Ricordi e aneddoti dell'attore e autore
Vincenzo Salemme e Napoli: “Mi manca Massimo Troisi, la borghesia napoletana è feudale”
Quando lo presentano in televisione dicono che è un “attore comico napoletano” ma lo stesso non succede con un milanese. È una delle risposte di Vincenzo Salemme in una lunga intervista rilasciata a Il Corriere della Sera mentre porta in giro il suo spettacolo Napoletano? E famme ‘na pizza!. Eppure “a Napoli siamo noi che teniamo a rendere immortali cose che ci appartengono. La pizza, la mozzarella. O il rapporto pagano con San Gennaro. A Torino una signora mi disse: non capisco chi ha paura di andare a Napoli. Basta uscire senza mettersi l’orologio. Mi faceva i complimenti e fu razzista senza rendersene conto”.
Salemme ha raccontato il ritorno sul palco, l’emozione dopo le chiusure per via della pandemia da coronavirus. E ha ricordato l’infanzia a Bacoli. “Mamma maestra elementare, papà avvocato. A Napoli andai al liceo Umberto. Trenta chilometri, un altro mondo. Mi sentivo fuori posto. Essere provinciale negli Anni 70 era diverso. Oggi c’è Internet . . . Se mi prendevano in giro? Beh sì, a Bacoli parliamo a cantilena, la u al posto della o, ‘u pane, ‘i femmene”. L’educazione sentimentale al cinema di un prozio, i peplum, i western, gli inizi a recitare alle elementari per il vescovo, gli esordi con Eduardo De Filippo.
“Mi piaceva il palcoscenico, potevo mostrarmi come non ero nella realtà. Avevo molti tic. Per esempio, dopo cinque metri mi giravo su me stesso. Per non impensierire mia madre, girandomi fingevo di salutarla. Recitavo per essere accettato. È qualcosa che ti rimane addosso. Alla seconda liceo recitai Napoli milionaria, una ragazza era amica di Sergio Solli che lavorava con Eduardo e mi fece fare uno spettacolino più professionale con Marisa Laurito. Poi un altro con Tato Russo. Avevo 17 anni. A 19, a Eduardo servivano comparse e mi diede due battute per la paga da attore. Mi vedeva così magro che pensava non avessi i soldi per il cibo“.

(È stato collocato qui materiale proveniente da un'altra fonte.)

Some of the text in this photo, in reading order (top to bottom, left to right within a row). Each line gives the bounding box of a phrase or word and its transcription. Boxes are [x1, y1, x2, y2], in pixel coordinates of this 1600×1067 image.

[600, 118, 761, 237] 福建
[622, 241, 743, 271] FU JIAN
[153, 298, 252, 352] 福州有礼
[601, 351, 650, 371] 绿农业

Un appunto politico – dall’autore del memorabile Lo strano caso di Felice C. – , sempre dai ricordi dell’adolescenza e dalle Feste dell’Unità. “Da ragazzo dovevo spacciare per freschi i calamari surgelati, a mille lire. Io dissentivo. Mi veniva risposto da un dirigente del partito: che t’importa, è un prezzo politico . . . Obiettai: ma noi siamo la verità. E lui: se gli dici la verità, il pesce non se lo comprano più. Qualche riflessione sulla sinistra andrebbe fatta”. Si considera un piccolo borghese. “La più bella borghesia è quella milanese: illuminata. A Napoli è feudale, più materiale; a Roma c’è la pancia della borghesia”.

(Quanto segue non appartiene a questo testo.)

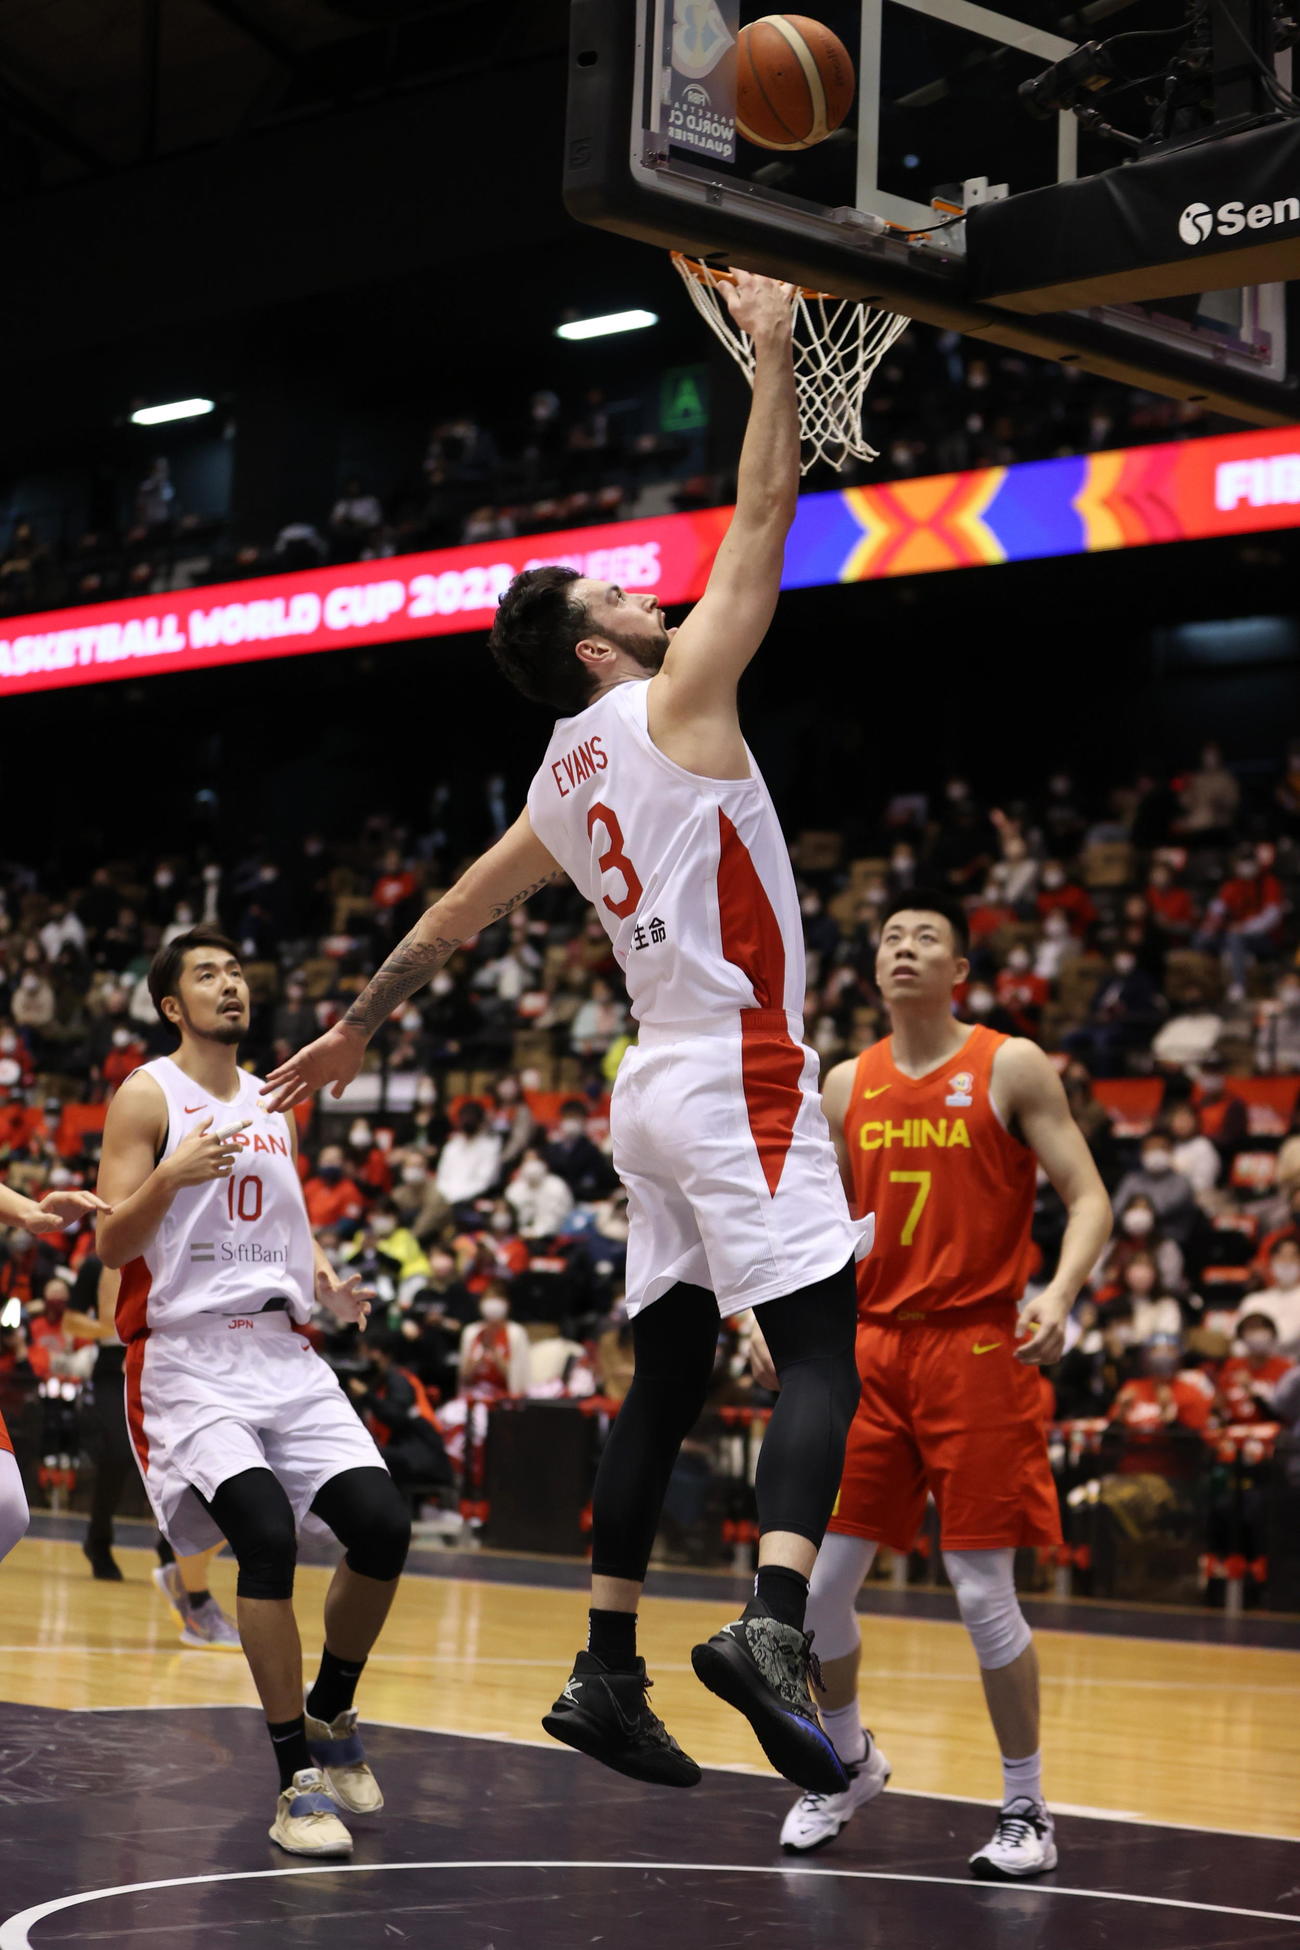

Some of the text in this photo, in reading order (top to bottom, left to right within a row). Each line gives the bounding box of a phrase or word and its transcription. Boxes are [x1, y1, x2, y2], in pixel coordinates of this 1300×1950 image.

[1216, 197, 1300, 236] Sen
[188, 590, 322, 650] WORLD
[323, 579, 406, 632] CUP
[551, 735, 608, 798] EVANS
[586, 801, 643, 920] 3
[859, 1117, 971, 1151] CHINA
[227, 1174, 263, 1222] 10
[889, 1170, 931, 1246] 7
[221, 1241, 288, 1264] SftBan
[228, 1318, 254, 1331] JPN

A Salemme manca Massimo Troisi, “che purtroppo non ho conosciuto: aveva una dolcezza quasi femminile, pur essendo lui maschilissimo. Ma si possono dire queste cose, col politicamente corretto?”. Napoli “è Francia, Spagna, Grecia; è nobiltà barbona, ricchezza polverosa, astuzia senza luce; è una cacofonia armoniosa di suoni e di voci di paura. Napoli è tanta roba, la perdo di giorno e la ritrovo in sogno“. Piatto preferito, inevitabilmente: la pizza. Quella preferita a Napoli? “E come faccio a dirglielo? Se faccio un nome, gli altri mi ammazzano”.